The reaction species of OH− in water‐electrolyte can work as a modulator as well. A microkinetic model (MKM) is employed to reveal the self‐adjusting behavior of FeNC and MnNC.[ 148 ] The active center, Fe site, is covered with the intermediate *OH ranging from 0.28 to 1.00 V (Figure 9f). Distinctively, such *OH becomes part of the active center moiety, Fe(OH)NC, optimizing the electronic structure of SA Fe to boost ORR, exhibiting a self‐adjusting mechanism and predicting a theoretical half‐wave potential of ≈0.88 V. Such intrinsic environmental suitability of SACs demonstrates the necessity of assessing the effect of intrinsic intermediates and the significance of the explicit incorporation of water solvation in the single‐atom electrocatalytic process. The physical orientation of the interfacial water in EDLs during a potential sweep has a significant influence on the electrochemical reactivity of electrode materials.[ 34 , 155 , 156 , 157 ] By combining in situ Raman spectroscopy and AIMD simulations, three evolutional characteristic water configurations in interfacial region, namely, ‘parallel’, ‘one‐H‐down,’ and ‘two‐H‐down’, have been determined as the electrode potential decreases at electrified Au single‐crystal electrode surfaces, arising to the destruction of the H‐bonds network.[ 34 ] The statistics of H‐bonds rationalizes the observed blueshift of the O–H stretching mode (νO‐H) in Raman spectra (Figure 9g). Subsequently, the open question here is how the physical orientation of water molecules impacts the electrochemical performance of the electrode materials. Apart from the dynamic coordination behavior of interface water on SA sites and their orientation, the chemisorption of water on metal electrodes is key to differential Helmholtz capacitance.[ 158 ] AIMD calculations by Le et al. suggest that at more positive potentials, the interface water will adsorb on the surface of Pt(111), which follows the Frumkin adsorption isotherm. The chemisorbed water can induce a significant interface dipole potential and lead to a potential change and, hence, a negative capacitive response. Combining with the normal dielectric response of the solvent, the experimentally observed bell‐shaped differential capacitance of the Helmholtz layer can be reproduced and understood at the molecular level.
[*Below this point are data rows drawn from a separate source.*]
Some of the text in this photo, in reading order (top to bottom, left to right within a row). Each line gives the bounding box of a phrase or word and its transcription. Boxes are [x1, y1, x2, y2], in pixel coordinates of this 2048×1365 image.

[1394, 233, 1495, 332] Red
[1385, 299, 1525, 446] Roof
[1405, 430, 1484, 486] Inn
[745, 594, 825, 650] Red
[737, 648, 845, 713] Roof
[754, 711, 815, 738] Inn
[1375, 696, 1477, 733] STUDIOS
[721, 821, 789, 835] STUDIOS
3.3. Alkali Cation Effects and Interfacial pH
Particularly, the presence of alkali metal cations (M+) in the interfacial region[ 159 ] can significantly alter the electrochemical reactivity and selectivity by directly participating in the reaction[ 160 , 161 ] or by regulating the local electric field, as suggested by Chan group,[ 39 , 162 , 163 , 164 ] or by tuning local pH[ 40 ] to modify the kinetics. Conventionally, the concentration of cations is determined by their size, in which smaller sizes lead to higher local concentrations, resulting in a greater accumulated surface charge and the subsequent interfacial field under a certain potential. With an exception of the hydroxyl adsorbate on the platinum surface in the process of HER, DFT calculations have evidenced that with the presence of alkali cations, the surface electron redistribution locates between the adsorbates *OH and the nearby water molecules, instead of the Pt surface, and follows the trend of Li+ > Na+ > K+ (Figure 10a).[ 165 ] The induced stronger local electric field from its higher charge density in Li+ solutions is responsible for the more distinct charge redistribution. Briefly, the Cdl is limited by the potential‐induced *OH surface coverage and *OH adsorption strength. At a higher potential regime (> 0.60 VRHE), where there are rich *OH species on Pt, the hydration‐sphere size and the related cation‐surface distance play a critical role in the capacitance (Cdl (K+) > Cdl (Na+) > Cdl (Li+) while at lower potential region (< 0.60 VRHE), where there is only a limited *OH coverage, the capacitance (Li+ > Na+ > K+) is more dictated by the local cation concentration, echoed with the common sense (Figure 10b). Generally, cations from the electrolyte serve as counterions to balance the charge of the negatively charged electrode.[ 14 , 88 ] However, the direct adsorption of alkali cations on the electrocatalyst of one‐dimensional cobalt‐dithiolene metal‐organic frameworks (MOF) is worth our attention.[ 166 ] DFT calculations have demonstrated that the hydration energy of the electronegative Na+ is much higher than that of the adsorption energy on the bridge‐sites between the two S atoms. The preadsorbed Na+ induces the charge redistribution between the S atoms, which has a profound effect on the ΔG*H values. Li with higher electronegativity than that of Na and K has the lowest ΔG *H.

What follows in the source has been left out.